Chlebek bananowy Sophie Dahl




Jeden wieczór.
Jedna rozmowa, która pokrzepia bardziej, niż niejedna składana obietnica i deklaracja.
Jedna odpowiedź i zapewnienie, że ktoś kogo kochasz uszanuje każdą twoją decyzję i pomimo wszystkiego zawsze będzie przy tobie.
Jedno jedyne zdanie, które wcale nie przychodzi łatwo, a jest tak naprawdę jedynym właściwym, oczywistym i tak bardzo oczekiwanym.

Spacer po lesie, z którego oczywiście zaśmiewamy się do łez, bo niespodziewanie zamienia się w półgodzinne przedzieranie się przez chaszcze i kłujące pokrzywy. Wyprawa po grzyby, z której wracamy z kilkoma nadgryzionymi przez ślimaki podgrzybkami, prawie zwichniętą nogą i obietnicą „już nigdy nie pójdę z wami do lasu”, a która ulatnia się z każdą upływającą minutą drogi powrotnej.
Szczęśliwe chwile, które tak jak zebrane grzyby wkładam do kosza, bo z tej wyprawy to one będą dla mnie najważniejsze.
Dziękuję.





To chyba jedno z najprostszych i najsmaczniejszych ciast z tzw. "jednej blaszki" jakie jadłam. Wymaga użycia naprawdę dojrzałych bananów z brązową skórką. Nie skłamię jeśli powiem, że przygotowanie ciasta trwa trzy minuty. Dłużej trwa smarowanie keksówki masłem i wysypywanie tartą bułką : )

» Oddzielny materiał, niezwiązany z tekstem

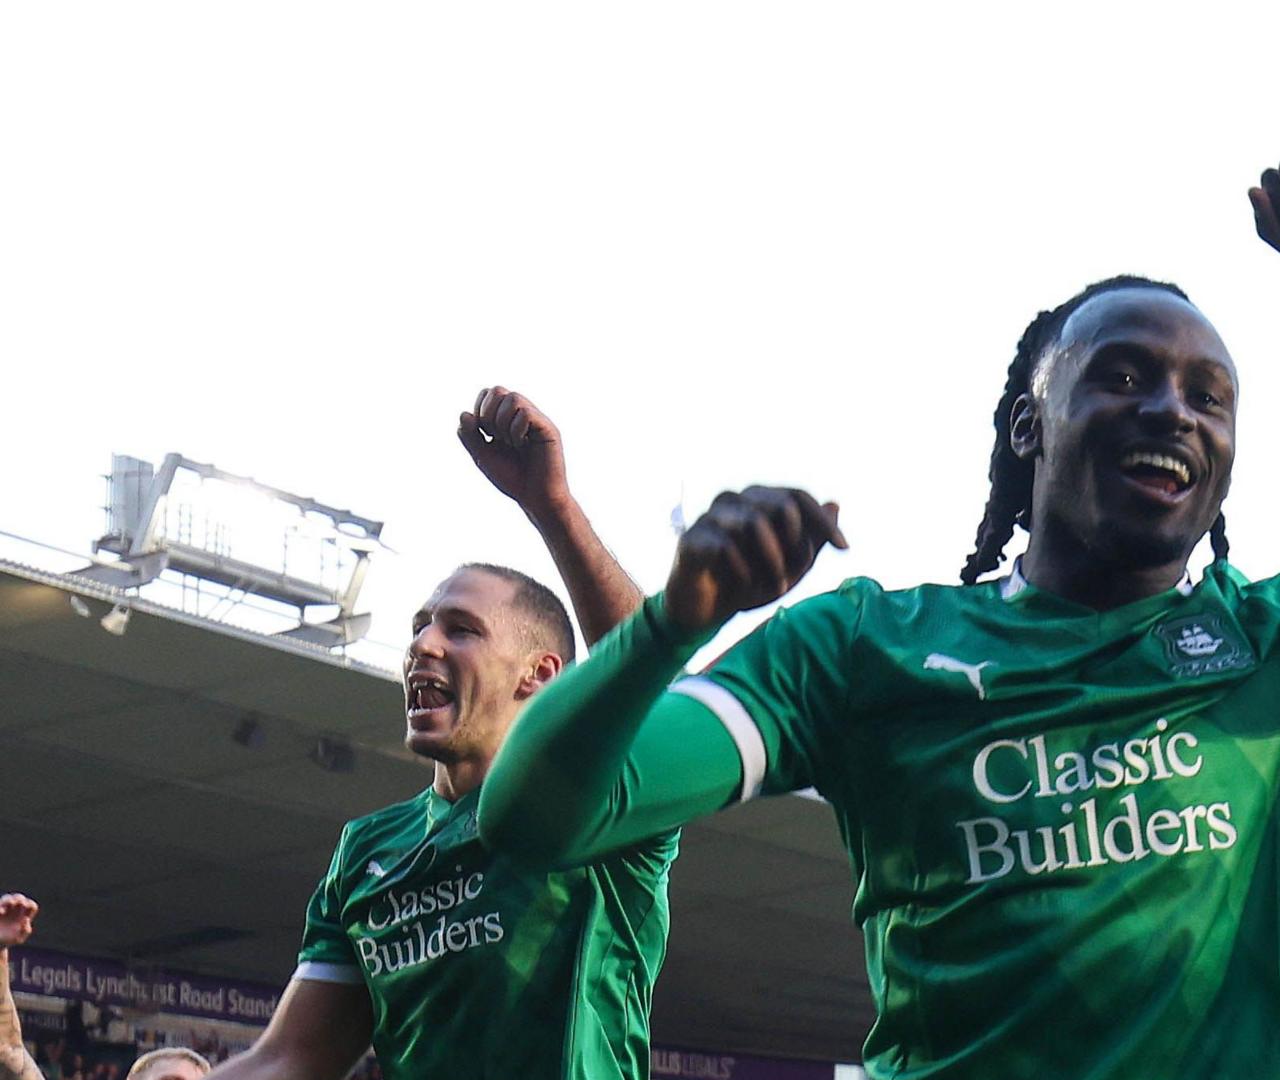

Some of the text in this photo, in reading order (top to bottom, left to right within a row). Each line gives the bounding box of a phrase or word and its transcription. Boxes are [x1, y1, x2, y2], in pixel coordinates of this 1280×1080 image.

[972, 718, 1203, 803] Classic
[956, 793, 1238, 885] Builders
[366, 864, 484, 931] Classic
[356, 911, 505, 979] Builders
[21, 957, 81, 995] Legals
[180, 981, 223, 1012] Road

Dawno go nie robiłam, aż do czasu kiedy dostałam banany, które aż prosiły się żeby użyć ich do tego ciasta.
Zdecydowanie jestem zwolenniczką tego typu ciast. Jedno mieszanie, jedna blacha, nieziemski zapach wydobywający się z piekarnika podczas pieczenia, no i nieskomplikowane wykonanie. 
Przepis z książki Apetyczna Panna Dahl/Sophie Dahl, a zrobiłam go pod wpływem bloga White Plate, który był i jest dla mnie niewyczerpanym źródłem inspiracji. Przepisów na ten chlebek jest już w internecie mnóstwo, ale skoro jest ich aż tyle, to jeden więcej z pewnością nie zaszkodzi : )

Składniki:
- 4 bardzo dojrzałe banany, 
- 150 g brązowego cukru (w oryginalnym przepisie jest 200 g, ale to za dużo - ciasto jest wtedy bardzo słodkie)
- 1 dokładnie rozbełtane jajko,
- 75 g miękkiego, stopionego masła,
- 1 cukier waniliowy,
- 170 g mąki,
- szczypta soli,
- 1 porządna łyżeczka sody.

Przygotowanie:
Piekarnik nagrzewamy do 180 stopni.
Keksówkę o wymiarach 23-24 cm smarujemy masłem i oprószamy tartą bułką.
Banany dobrze rozgniatamy widelcem, dodajemy cukier, rozbełtane jajko, cukier waniliowy i stopione schłodzone masło. Dokładnie mieszamy.
Do mąki dodaj sól i sodę.Mieszamy z masą bananową.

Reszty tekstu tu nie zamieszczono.